───── Raw data ─────
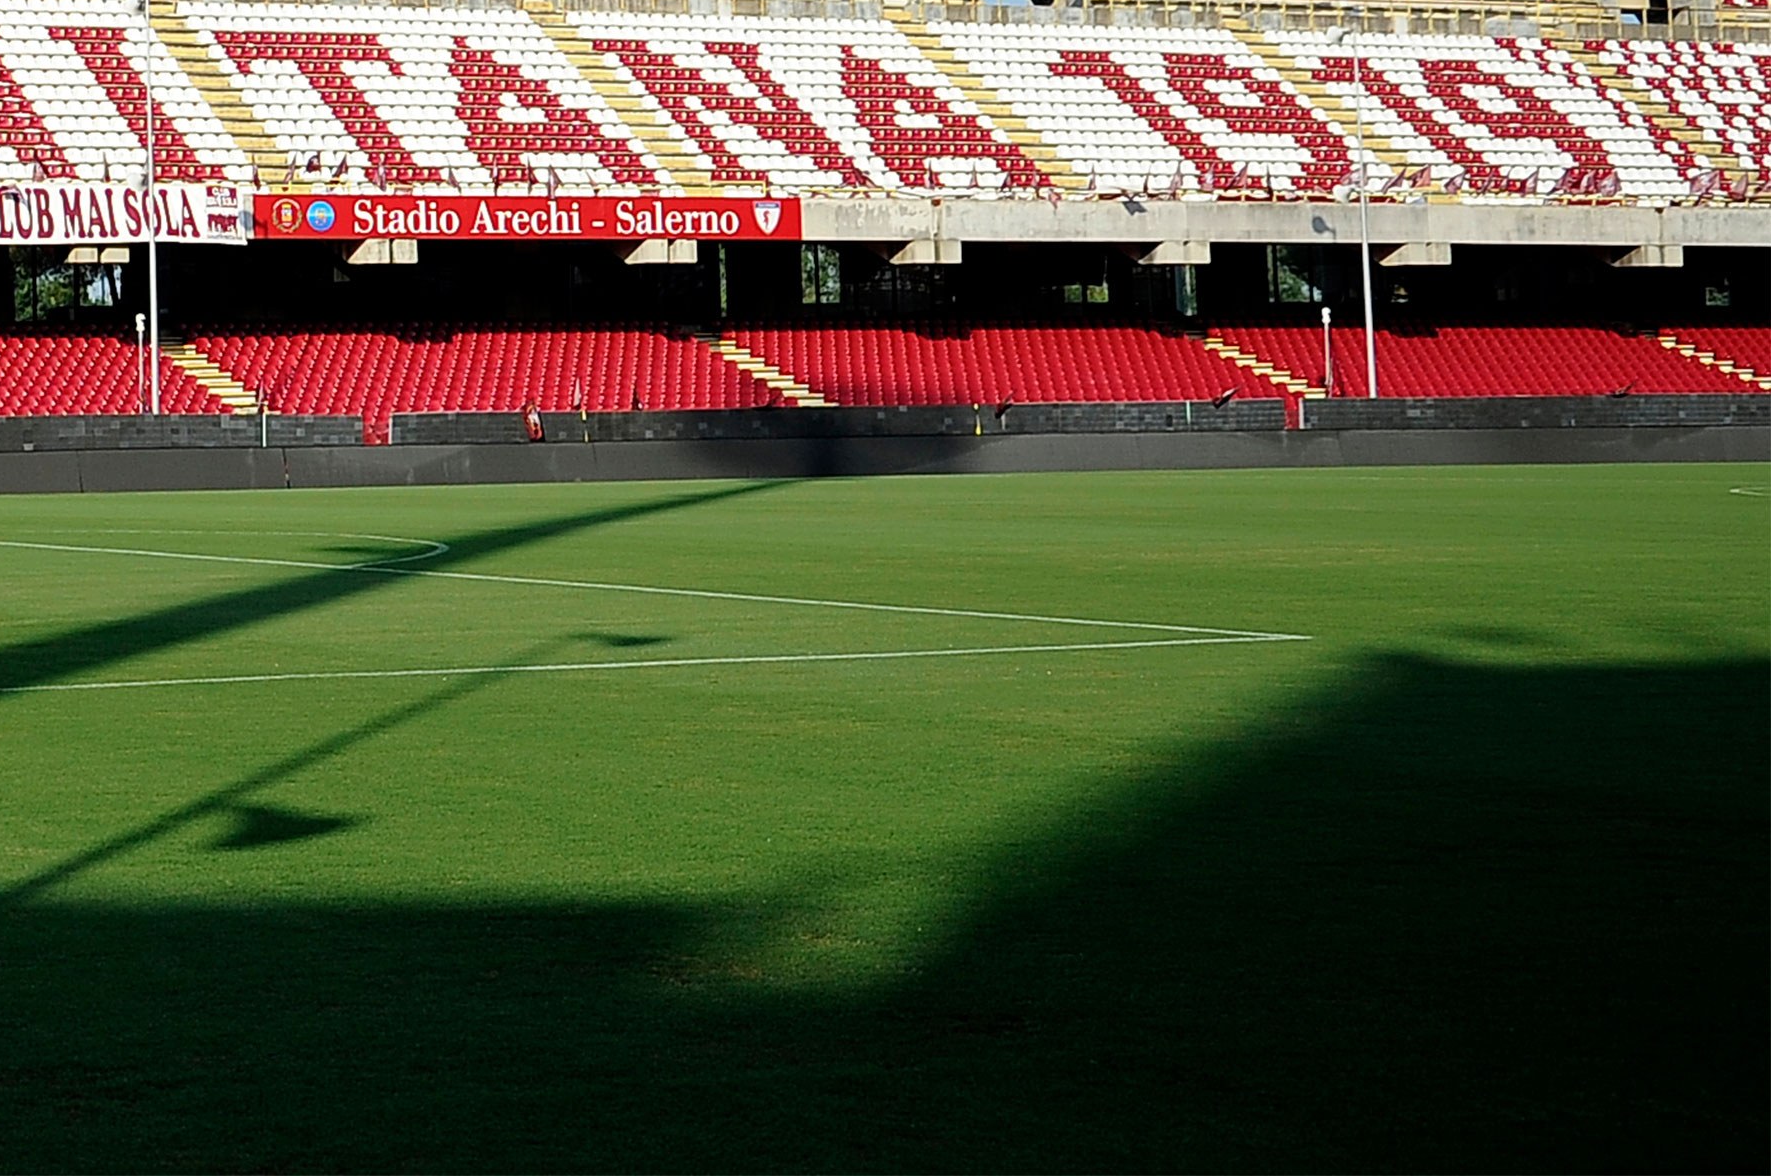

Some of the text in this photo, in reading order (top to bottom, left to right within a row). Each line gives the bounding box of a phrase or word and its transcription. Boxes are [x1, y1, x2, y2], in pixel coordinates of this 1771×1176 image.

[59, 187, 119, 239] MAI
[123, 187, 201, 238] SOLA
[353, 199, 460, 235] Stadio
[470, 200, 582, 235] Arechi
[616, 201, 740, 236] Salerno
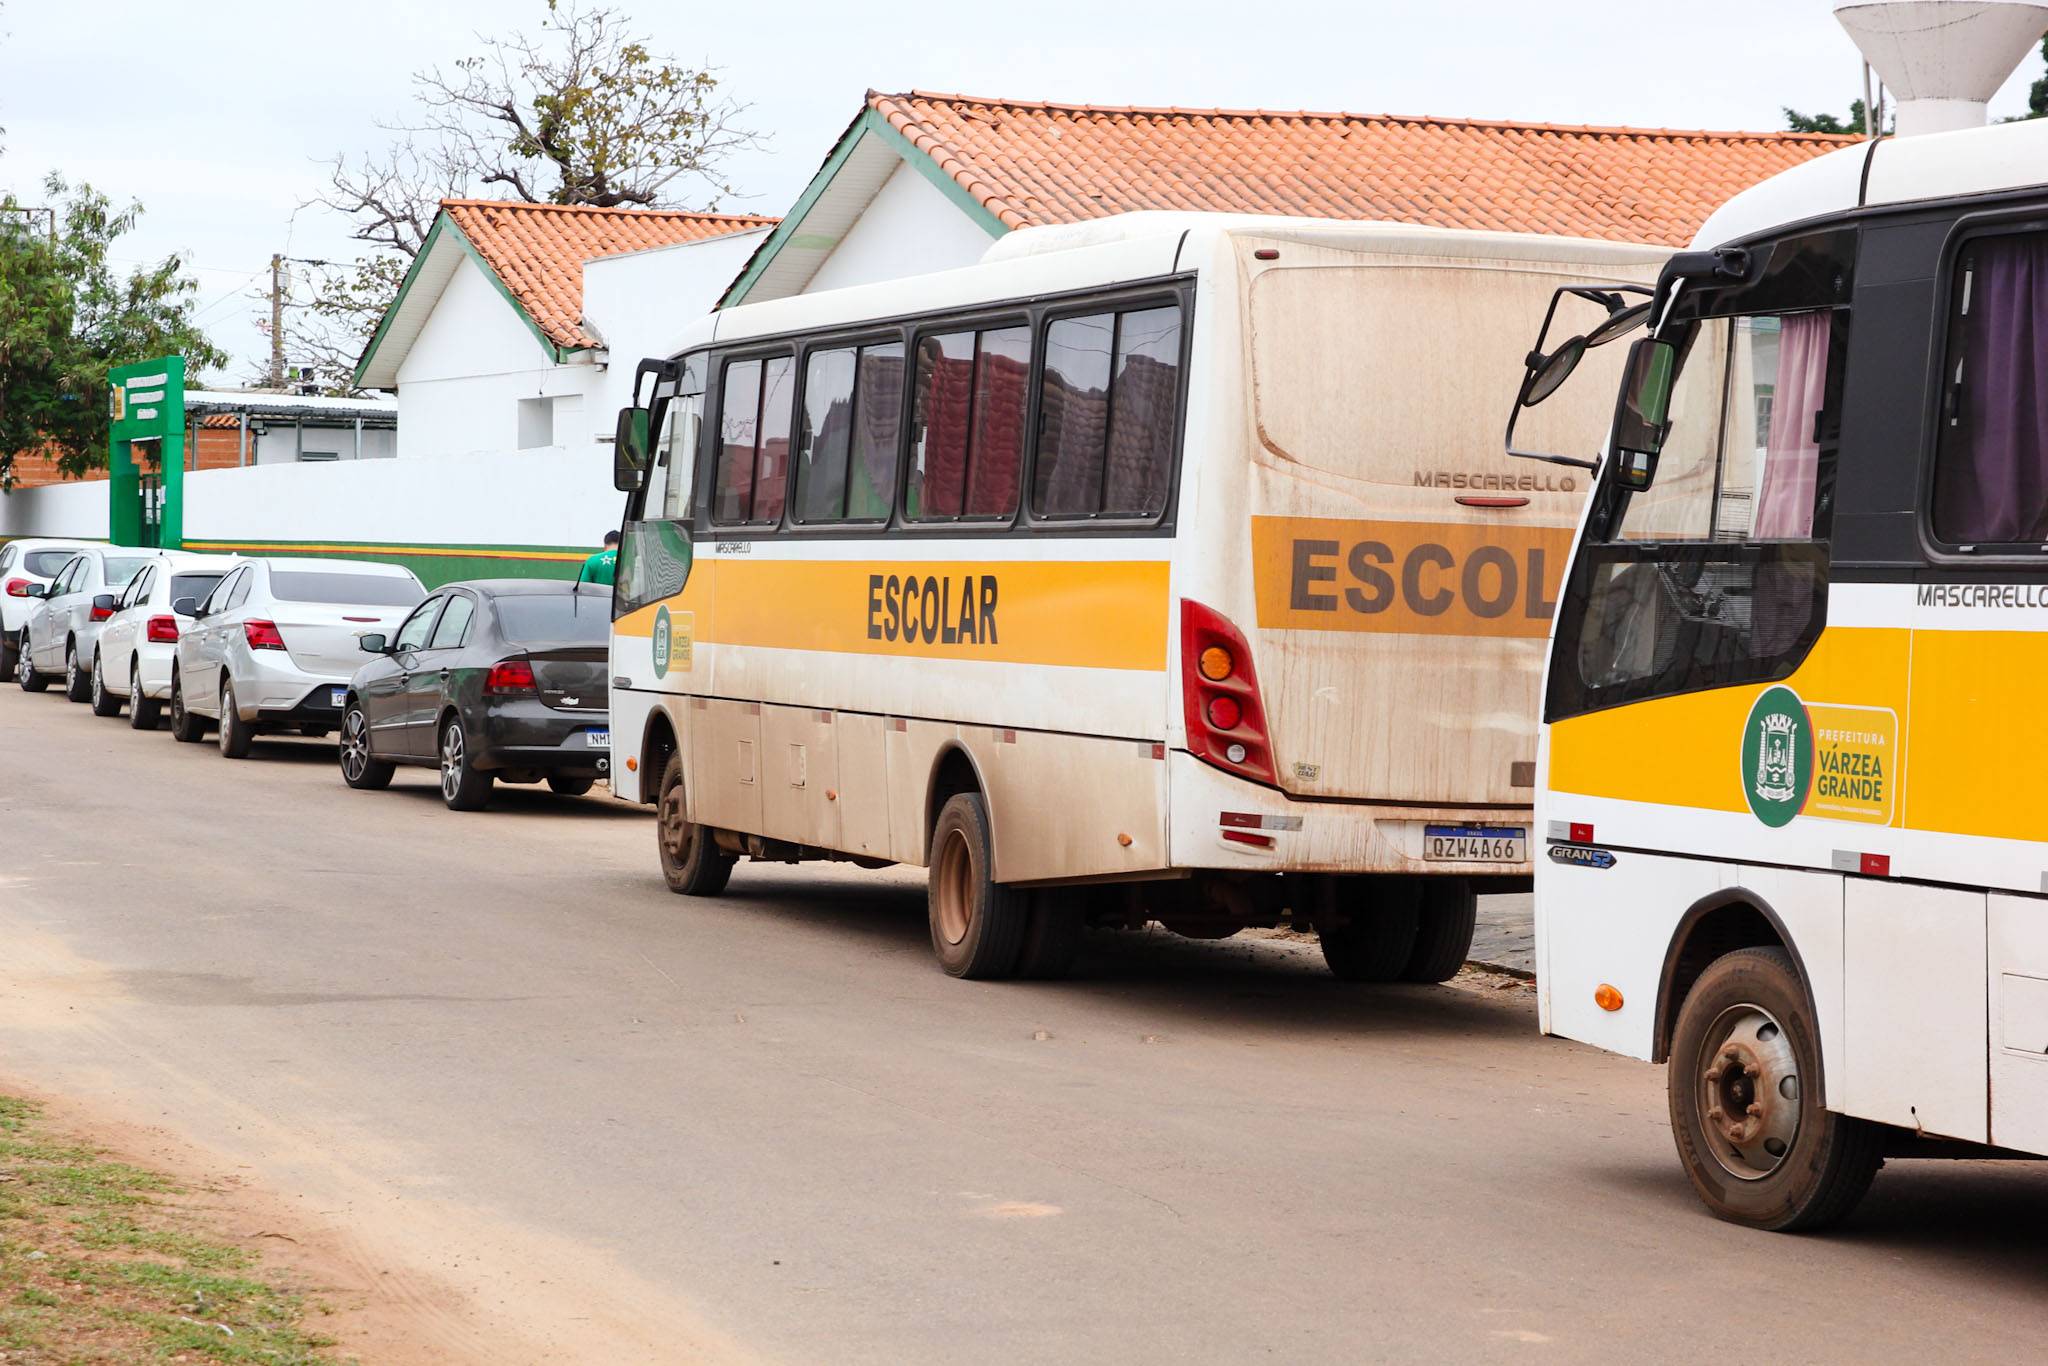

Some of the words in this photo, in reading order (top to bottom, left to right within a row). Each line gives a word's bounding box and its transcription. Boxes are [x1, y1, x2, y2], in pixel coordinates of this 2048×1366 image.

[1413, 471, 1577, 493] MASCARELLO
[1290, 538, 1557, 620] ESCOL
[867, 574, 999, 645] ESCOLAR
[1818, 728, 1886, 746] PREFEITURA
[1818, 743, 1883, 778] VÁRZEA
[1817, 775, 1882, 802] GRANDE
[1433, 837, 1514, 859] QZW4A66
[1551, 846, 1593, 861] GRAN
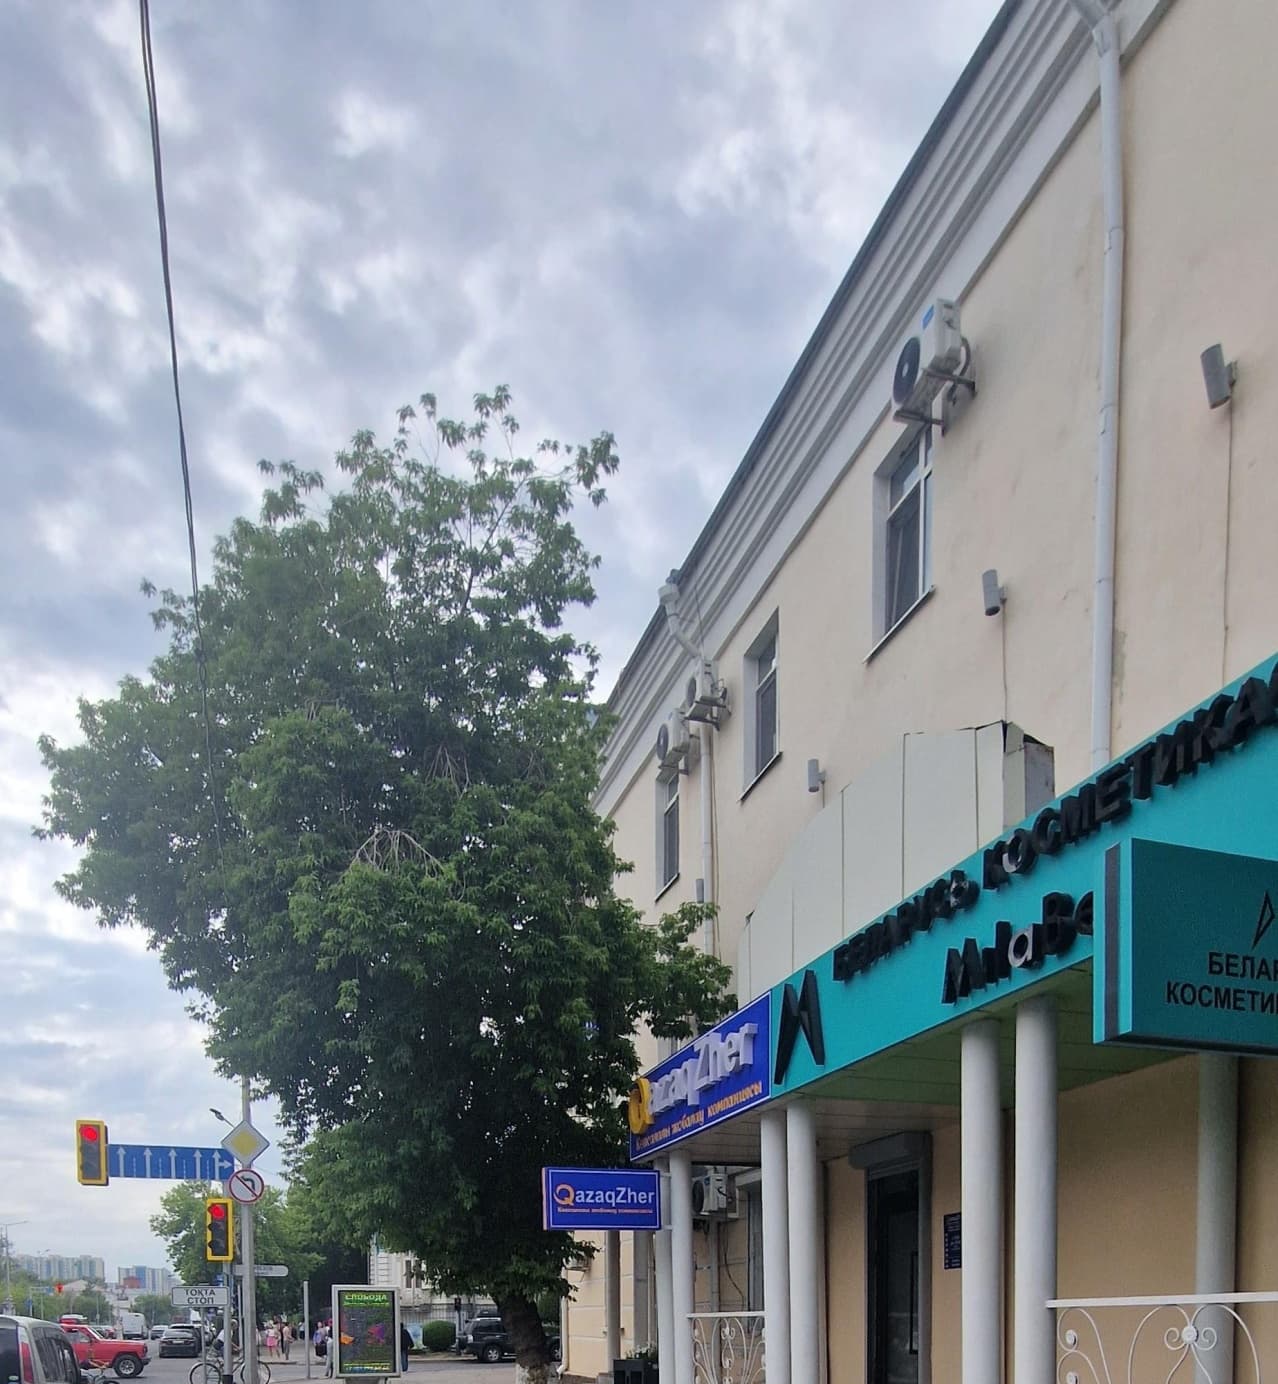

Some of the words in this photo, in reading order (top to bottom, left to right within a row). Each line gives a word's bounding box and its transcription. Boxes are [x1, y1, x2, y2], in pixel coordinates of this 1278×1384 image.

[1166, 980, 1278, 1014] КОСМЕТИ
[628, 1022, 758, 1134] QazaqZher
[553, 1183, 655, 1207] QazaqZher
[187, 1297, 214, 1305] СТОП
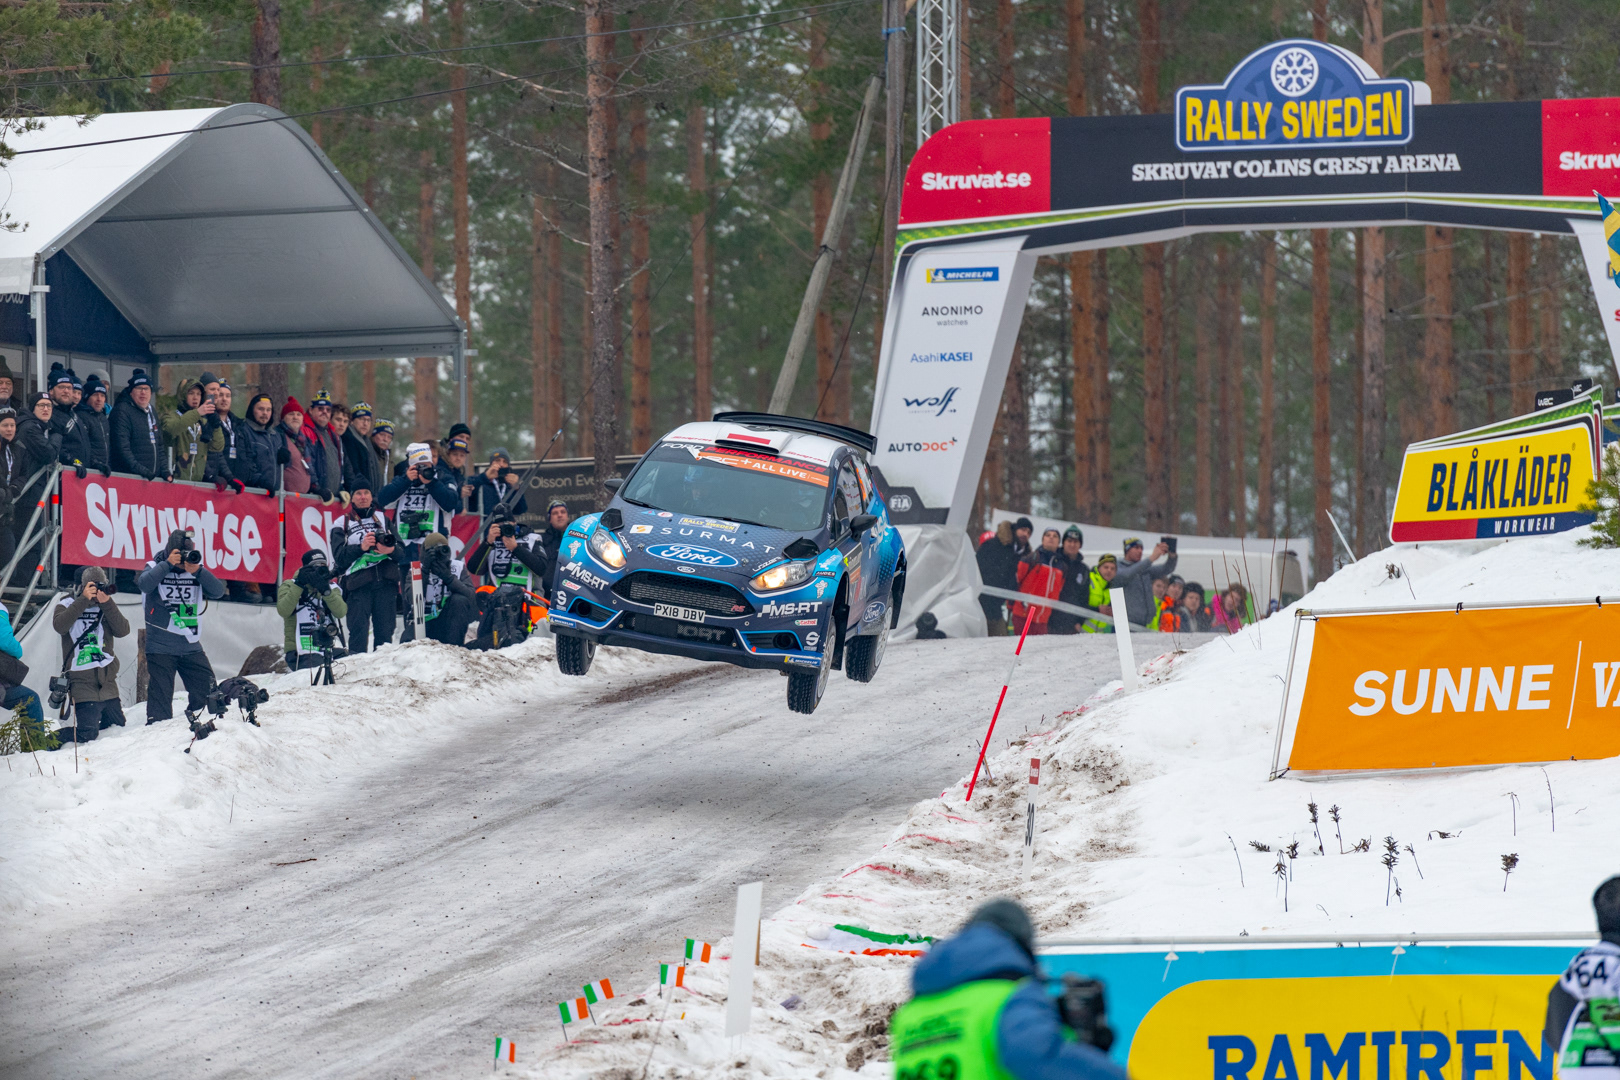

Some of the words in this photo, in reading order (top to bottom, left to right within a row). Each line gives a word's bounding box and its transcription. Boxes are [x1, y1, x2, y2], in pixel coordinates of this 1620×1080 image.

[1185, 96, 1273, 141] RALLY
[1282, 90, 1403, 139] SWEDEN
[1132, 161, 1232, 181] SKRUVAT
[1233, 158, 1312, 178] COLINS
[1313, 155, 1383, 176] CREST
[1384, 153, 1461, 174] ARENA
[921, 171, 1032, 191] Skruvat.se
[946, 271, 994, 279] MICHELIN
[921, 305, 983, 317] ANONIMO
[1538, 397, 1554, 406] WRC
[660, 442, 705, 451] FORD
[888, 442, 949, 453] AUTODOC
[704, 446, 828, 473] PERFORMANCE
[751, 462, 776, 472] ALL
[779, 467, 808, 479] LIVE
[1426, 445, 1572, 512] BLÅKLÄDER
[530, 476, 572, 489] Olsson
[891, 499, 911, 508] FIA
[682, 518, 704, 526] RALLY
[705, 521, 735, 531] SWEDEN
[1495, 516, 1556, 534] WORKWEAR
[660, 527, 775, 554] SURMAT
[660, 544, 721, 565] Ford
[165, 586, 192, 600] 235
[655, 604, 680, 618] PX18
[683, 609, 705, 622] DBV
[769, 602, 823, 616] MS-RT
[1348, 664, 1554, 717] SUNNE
─────
** Directions **
Please restate the data word for word, leaving out any picture it holds.

** Finished task **
Some of the text in this photo, in reading order (top to bottom, left to right within a row). Each line gives the bounding box of a phrase or word and its transcription. Boxes are [x1, y1, x2, y2], in pixel coordinates of this 1771×1176 image.

[59, 187, 119, 239] MAI
[123, 187, 201, 238] SOLA
[353, 199, 460, 235] Stadio
[470, 200, 582, 235] Arechi
[616, 201, 740, 236] Salerno

Some of the words in this photo, in reading order (top to bottom, left to right within a row). Each line gives a word's bounding box and its transcription. Boxes are [x1, y1, x2, y2], in pixel coordinates of this 2048×1366 image.

[1413, 471, 1577, 493] MASCARELLO
[1290, 538, 1557, 620] ESCOL
[867, 574, 999, 645] ESCOLAR
[1818, 728, 1886, 746] PREFEITURA
[1818, 743, 1883, 778] VÁRZEA
[1817, 775, 1882, 802] GRANDE
[1433, 837, 1514, 859] QZW4A66
[1551, 846, 1593, 861] GRAN

Some of the words in this photo, in reading order (top to bottom, left to right within a row). Each line gives a word's bounding box and its transcription. Boxes are [x1, y1, x2, y2], in pixel coordinates of this 1278×1384 image.

[1166, 980, 1278, 1014] КОСМЕТИ
[628, 1022, 758, 1134] QazaqZher
[553, 1183, 655, 1207] QazaqZher
[187, 1297, 214, 1305] СТОП

Some of the words in this photo, in reading order (top to bottom, left to right within a row). Each line gives a word's bounding box and its transcription. Boxes are [x1, y1, x2, y2], in pixel coordinates of this 1620×1080 image.

[1185, 96, 1273, 141] RALLY
[1282, 90, 1403, 139] SWEDEN
[1132, 161, 1232, 181] SKRUVAT
[1233, 158, 1312, 178] COLINS
[1313, 155, 1383, 176] CREST
[1384, 153, 1461, 174] ARENA
[921, 171, 1032, 191] Skruvat.se
[946, 271, 994, 279] MICHELIN
[921, 305, 983, 317] ANONIMO
[1538, 397, 1554, 406] WRC
[660, 442, 705, 451] FORD
[888, 442, 949, 453] AUTODOC
[704, 446, 828, 473] PERFORMANCE
[751, 462, 776, 472] ALL
[779, 467, 808, 479] LIVE
[1426, 445, 1572, 512] BLÅKLÄDER
[530, 476, 572, 489] Olsson
[891, 499, 911, 508] FIA
[682, 518, 704, 526] RALLY
[705, 521, 735, 531] SWEDEN
[1495, 516, 1556, 534] WORKWEAR
[660, 527, 775, 554] SURMAT
[660, 544, 721, 565] Ford
[165, 586, 192, 600] 235
[655, 604, 680, 618] PX18
[683, 609, 705, 622] DBV
[769, 602, 823, 616] MS-RT
[1348, 664, 1554, 717] SUNNE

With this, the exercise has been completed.